La entrevista con Tirand, que había tenido lugar mientras amanecía, había sido uno de los momentos más dolorosos en la vida de Karuth. Pensando, con razón, que ella no habría dormido después de los acontecimientos ocurridos, Tirand había enviado a un criado a su habitación con un mensaje, rogándole que fuera a verlo a su estudio. El ceremonioso tono del mensaje ya dejaba entrever lo que iba a suceder, y, cuando su hermana entró en el estudio y se sentó, el Sumo Iniciado no perdió el tiempo con palabras agradables, sino que dijo lo que tenía que decir con franqueza y sin rodeos.
Al igual que Karuth, Tirand no había pensado en dormir y, tras su desagradable separación en el Salón de Mármol, había decidido que debía tomar ciertas medidas sin demora. Quería, dijo, ser únicamente justo, y por lo tanto había hecho lo que cualquier hombre razonable habría hecho en sus circunstancias. Había despertado a cuatro de los adeptos superiores y juntos habían regresado al Salón de Mármol para realizar un Rito Superior que confirmaría o negaría lo dicho por Karuth.

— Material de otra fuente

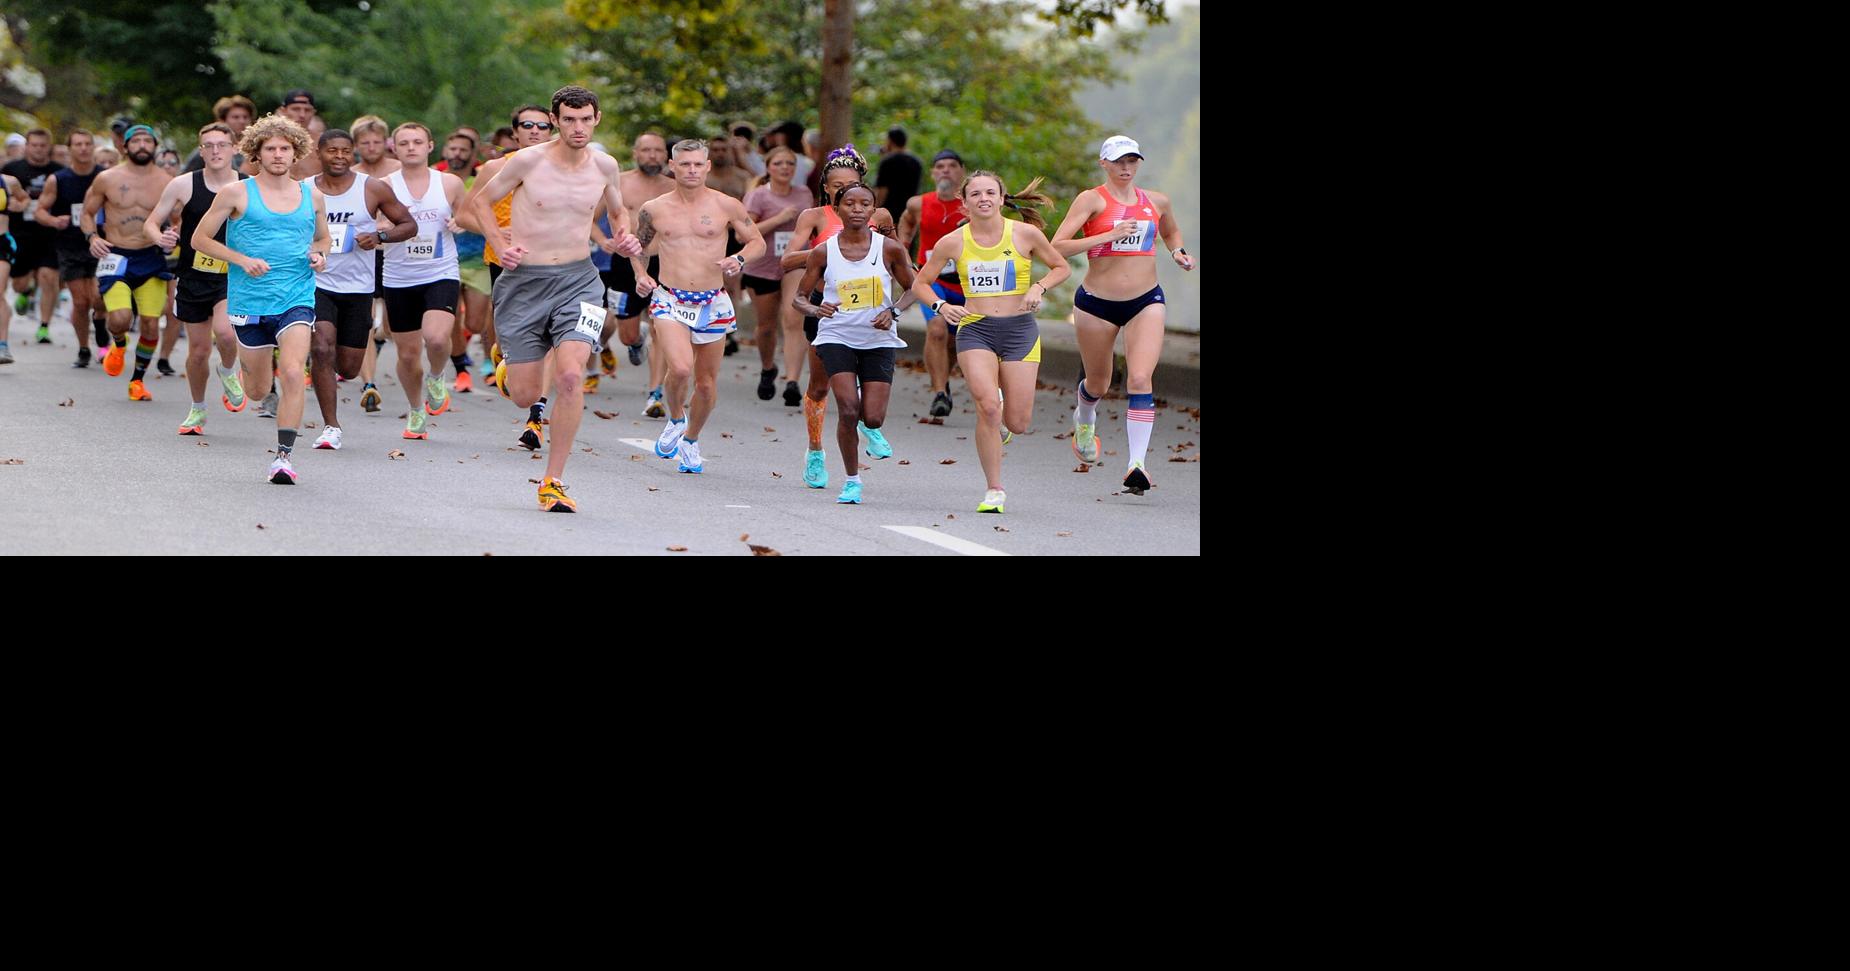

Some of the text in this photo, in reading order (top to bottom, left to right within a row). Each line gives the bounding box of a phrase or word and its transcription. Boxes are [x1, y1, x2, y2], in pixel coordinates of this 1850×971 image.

—Sondeamos los planos astrales, y sondeamos todos los niveles del éter —le dijo con solemnidad—. Debo informarte, que no encontramos nada. Ninguna perturbación en los dominios ocultos, superiores o inferiores. Ninguna señal de los dioses. Nada que pudiéramos interpretar, por muy sutilmente que fuera, como una confirmación de tu experiencia. —Alzó la mirada; sus ojos parecían cansados, tristes y un poco, sólo un poco, resentidos—. Por lo tanto, tengo que decir que sólo puedo sacar la conclusión de que lo que viste fue una ilusión.
—Entiendo —repuso Karuth, mirándose las manos, que tenía fuertemente entrelazadas sobre su regazo; luego lo miró con gesto desafiante—. ¿Me has hecho llamar sólo para decirme eso?
Hubo una pausa.
—No —contestó Tirand—. No sólo eso. Hay más.
Ella esperó. Estaba claro que Tirand se sentía muy incómodo, pero Karuth no quiso ceder facilitándole las cosas. Por fin, él volvió a hablar.
—Karuth, quiero que me prometas que darás este asunto por concluido.
Era lo que ella había esperado, y tenía lista la respuesta. Con tranquilidad, pero con firmeza, dijo:
—No, Tirand. No lo haré.
—¿Por qué no?
—¡Porque no puedo! Te lo he dicho antes, y parece que tengo que repetírtelo ahora: ¡lo que vi no fue ni una alucinación ni un espejismo!
Tirand se pasó las manos por el pelo con un gesto tenso.
—¡Karuth, te equivocas! Nuestro ritual lo demostró…
—¡Lo único que demostró fue que tú y unos cuantos adeptos no fuisteis capaces de ver lo que yo vi! Los rituales no son infalibles, Tirand, ¡y es peligroso y de cortas entendederas confiar en ellos tanto como tú lo haces!